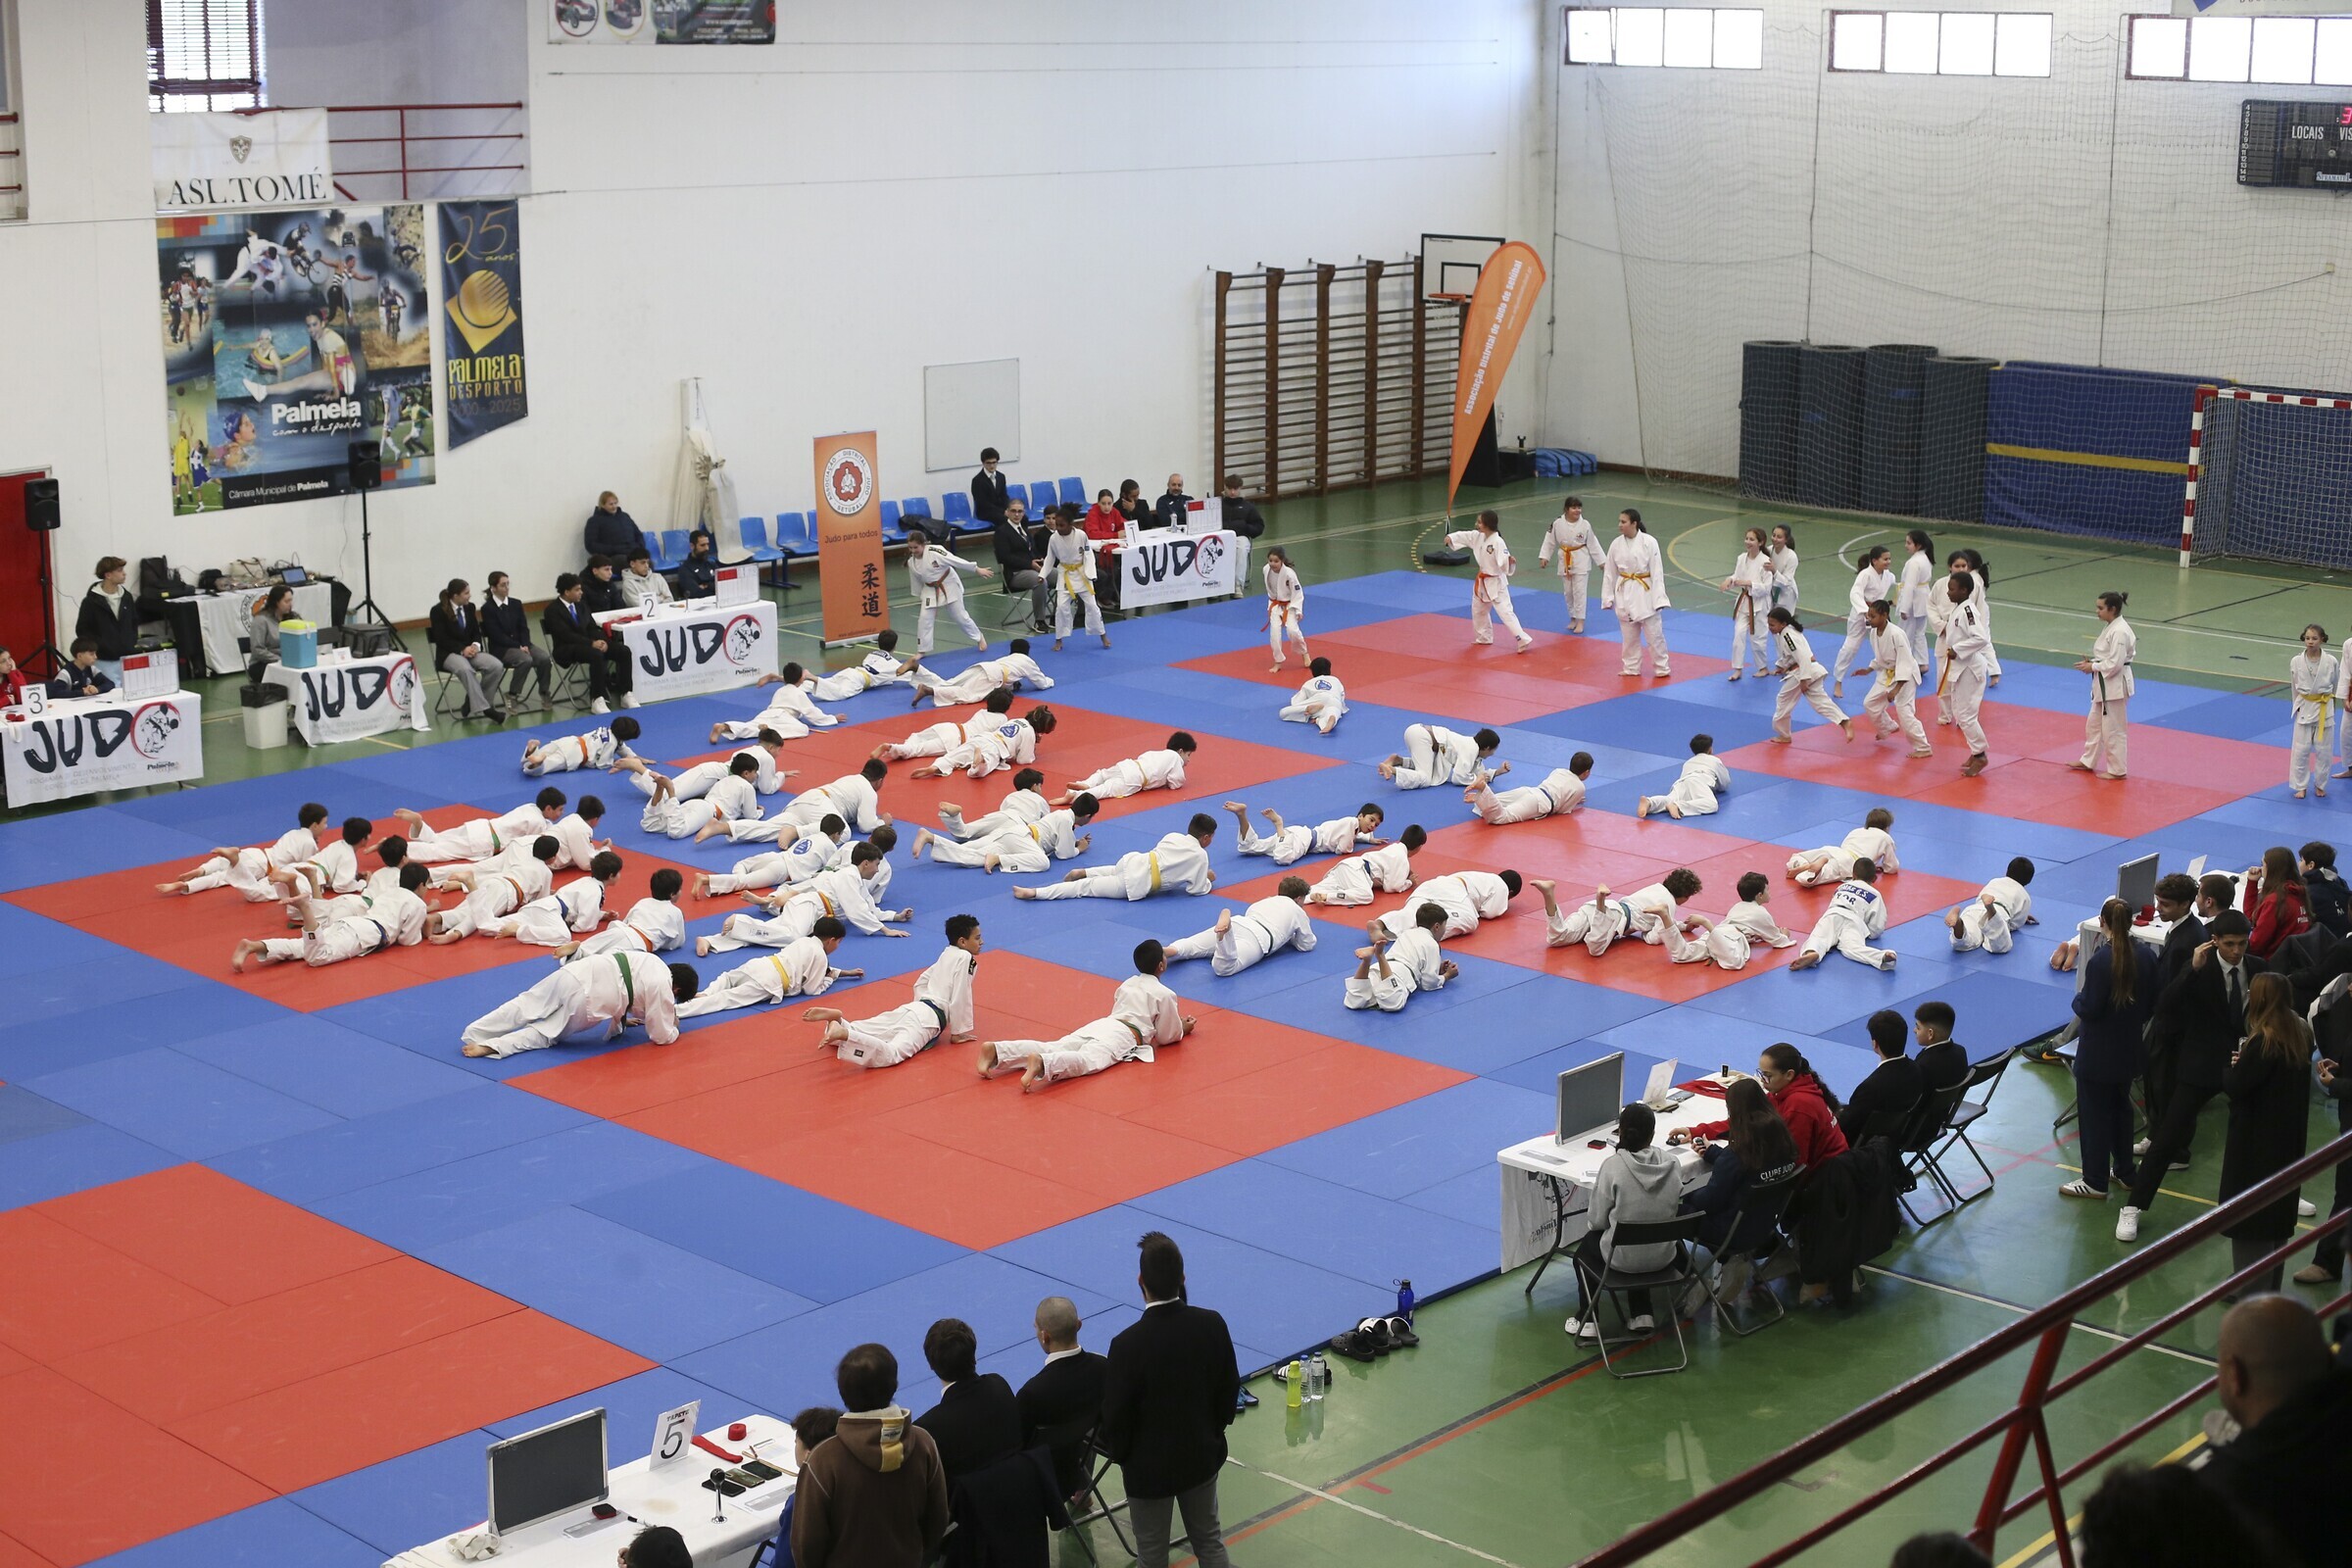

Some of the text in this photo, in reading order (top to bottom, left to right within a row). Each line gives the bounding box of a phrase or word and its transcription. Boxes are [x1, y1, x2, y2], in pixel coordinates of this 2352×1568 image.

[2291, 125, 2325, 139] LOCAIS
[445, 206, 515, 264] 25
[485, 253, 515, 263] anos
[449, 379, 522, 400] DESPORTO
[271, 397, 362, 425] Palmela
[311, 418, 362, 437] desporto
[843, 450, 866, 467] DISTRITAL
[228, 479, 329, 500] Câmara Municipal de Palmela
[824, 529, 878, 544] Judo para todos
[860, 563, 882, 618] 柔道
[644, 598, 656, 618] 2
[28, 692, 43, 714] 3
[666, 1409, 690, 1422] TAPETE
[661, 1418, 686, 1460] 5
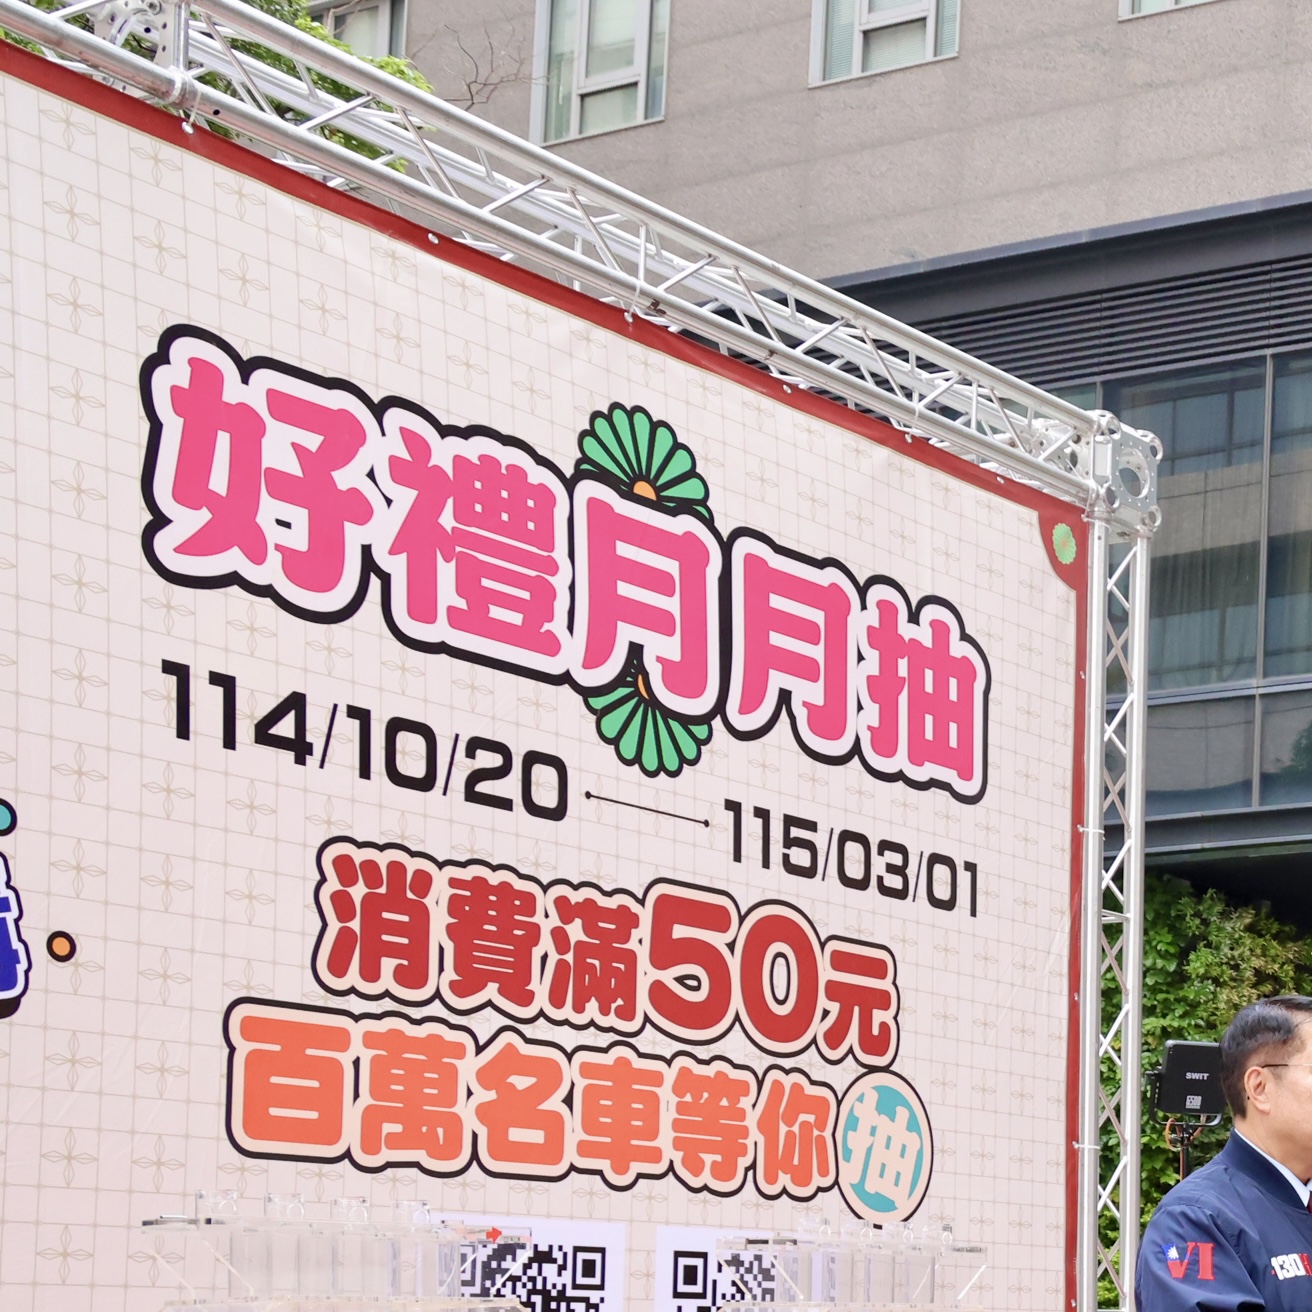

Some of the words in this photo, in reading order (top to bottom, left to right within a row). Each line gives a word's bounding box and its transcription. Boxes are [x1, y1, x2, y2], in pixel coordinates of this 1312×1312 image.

TASK TO CARRY OUT:
Repeat the listing above in full, exactly, and omit its pictures.

RESULT:
Some of the text in this photo, in reading order (top to bottom, left to right within a row). Each line gives the bounding box of a phrase or word and its transcription. Boxes are [x1, y1, x2, y2], in pixel coordinates of this 2352×1568 image.

[2291, 125, 2325, 139] LOCAIS
[445, 206, 515, 264] 25
[485, 253, 515, 263] anos
[449, 379, 522, 400] DESPORTO
[271, 397, 362, 425] Palmela
[311, 418, 362, 437] desporto
[843, 450, 866, 467] DISTRITAL
[228, 479, 329, 500] Câmara Municipal de Palmela
[824, 529, 878, 544] Judo para todos
[860, 563, 882, 618] 柔道
[644, 598, 656, 618] 2
[28, 692, 43, 714] 3
[666, 1409, 690, 1422] TAPETE
[661, 1418, 686, 1460] 5

Some of the words in this photo, in reading order (top to bottom, left to right within a row). Each line gives a word's bounding box and its transcription. Boxes are [x1, y1, x2, y2], in pixel coordinates of this 1312×1312 image.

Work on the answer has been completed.